Journal d'immunologie clinique et cellulaire
Libre accès
ISSN: 2155-9899
ISSN: 2155-9899
Jezrom B. Fordham, Afsar R. Naqvi et Salvador Nares
Objectif : Les microARN (miARN) sont des régulateurs omniprésents de la biologie et de l'immunité humaines. Nous avons précédemment démontré un rôle inhibiteur du miR-24 dans la phagocytose des bioparticules d'Escherichia coli et de Staphylococcus aureus et l'induction de la sécrétion de cytokines en réponse au lipopolysaccharide (LPS) de la même origine ; nous avons également identifié des réponses miARN divergentes et convergentes au LPS des pathogènes parodontopathiques Aggregatibacter actinomycetemcomitams (Aa) et Porphyromonas gingivalis (Pg), et révélé que l'extrait de fumée de cigarette est un modificateur environnemental de la structure du Pg LPS (Pg CSE) impactant les réponses miARN des macrophages. Cette étude a été conçue pour étudier le rôle du miR-24 sur la polarisation et la plasticité des macrophages.

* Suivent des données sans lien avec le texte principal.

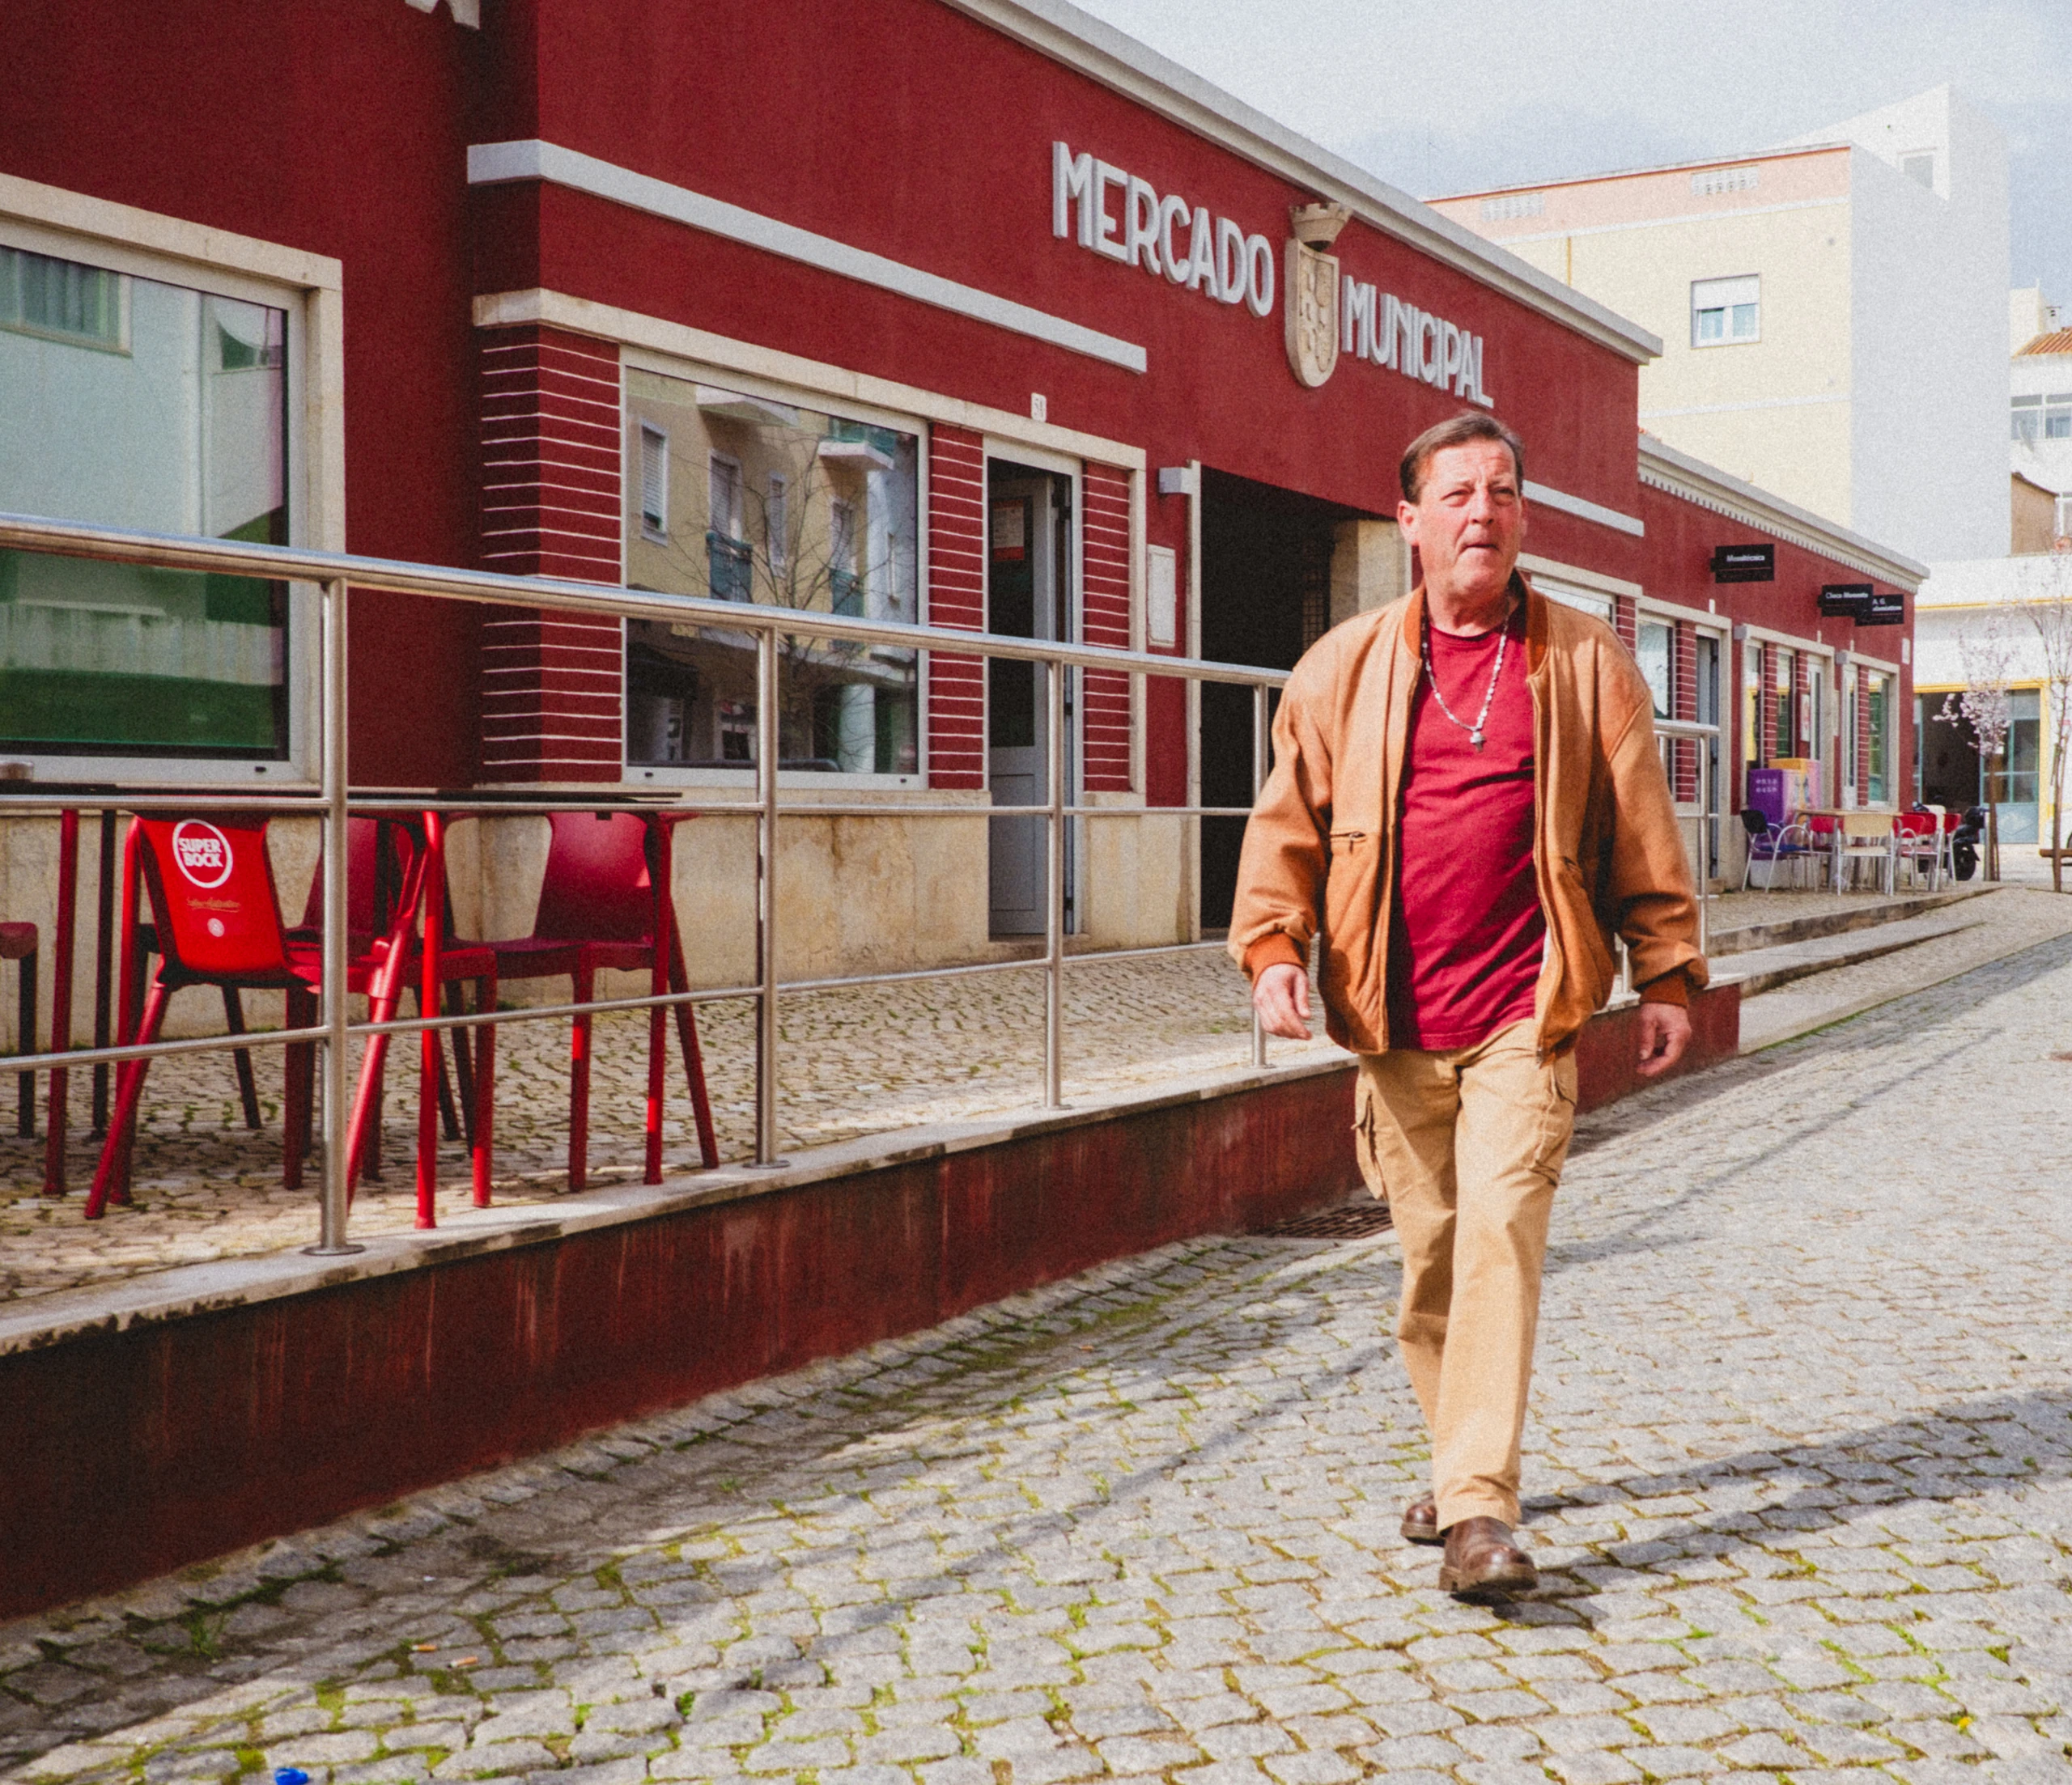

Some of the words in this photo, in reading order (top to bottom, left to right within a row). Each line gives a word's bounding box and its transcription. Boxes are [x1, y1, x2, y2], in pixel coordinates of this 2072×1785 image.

Méthodes : Les macrophages humains primaires ont été différenciés des monocytes CD14+ isolés des cellules mononucléaires du sang périphérique (PBMC) par sélection positive MACS et transfectés avec des mimétiques miR-24, des inhibiteurs ou un mimétique de contrôle négatif ; suivi d'une stimulation avec des cytokines et/ou des LPS dans diverses conditions représentant les étapes clés de l'activation des macrophages. L'activation et la polarisation des macrophages ont été évaluées à l'aide de tests de production de cytokines (ELISA) et d'expression des protéines (cytométrie de flux, immunoblot). L'expression de MiR-24 a été évaluée par RT-PCR.

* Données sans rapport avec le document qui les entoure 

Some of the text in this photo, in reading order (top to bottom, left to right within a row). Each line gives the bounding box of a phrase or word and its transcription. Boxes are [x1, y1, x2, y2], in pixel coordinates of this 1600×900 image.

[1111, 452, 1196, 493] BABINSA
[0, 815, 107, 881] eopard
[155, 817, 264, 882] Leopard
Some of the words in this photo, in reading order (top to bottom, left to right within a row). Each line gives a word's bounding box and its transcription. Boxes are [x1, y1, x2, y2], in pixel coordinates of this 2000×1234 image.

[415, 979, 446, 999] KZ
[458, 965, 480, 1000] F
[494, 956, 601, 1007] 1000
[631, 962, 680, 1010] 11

Résultats : La stimulation des macrophages par des LPS d'origine Aa, Pg et Pg CSE a entraîné des niveaux différents d'expression des cytokines et une expression différentielle du miR-24. La surexpression du miR-24 a inhibé la sécrétion de cytokines en réponse au LPS. L'amorçage des macrophages par l'interféron gamma (IFN-γ) n'a pas surmonté cet effet inhibiteur, mais l'activation classique des macrophages par l'IFN-γ plus TNF-α, TNF-β ou IL-17 a modulé le schéma de suppression médiée par le miR-24 d'une manière spécifique aux cytokines. La surexpression du miR-24 a amélioré la régulation positive du CD206 pendant l'activation alternative des macrophages et a inhibé sa régulation négative dans la transition des macrophages de l'état d'activation alternative à l'état d'activation classique. La surexpression du miR-24 a entraîné une expression réduite de la sous-unité p110 delta de la PI 3-kinase de classe 1A (p110δ).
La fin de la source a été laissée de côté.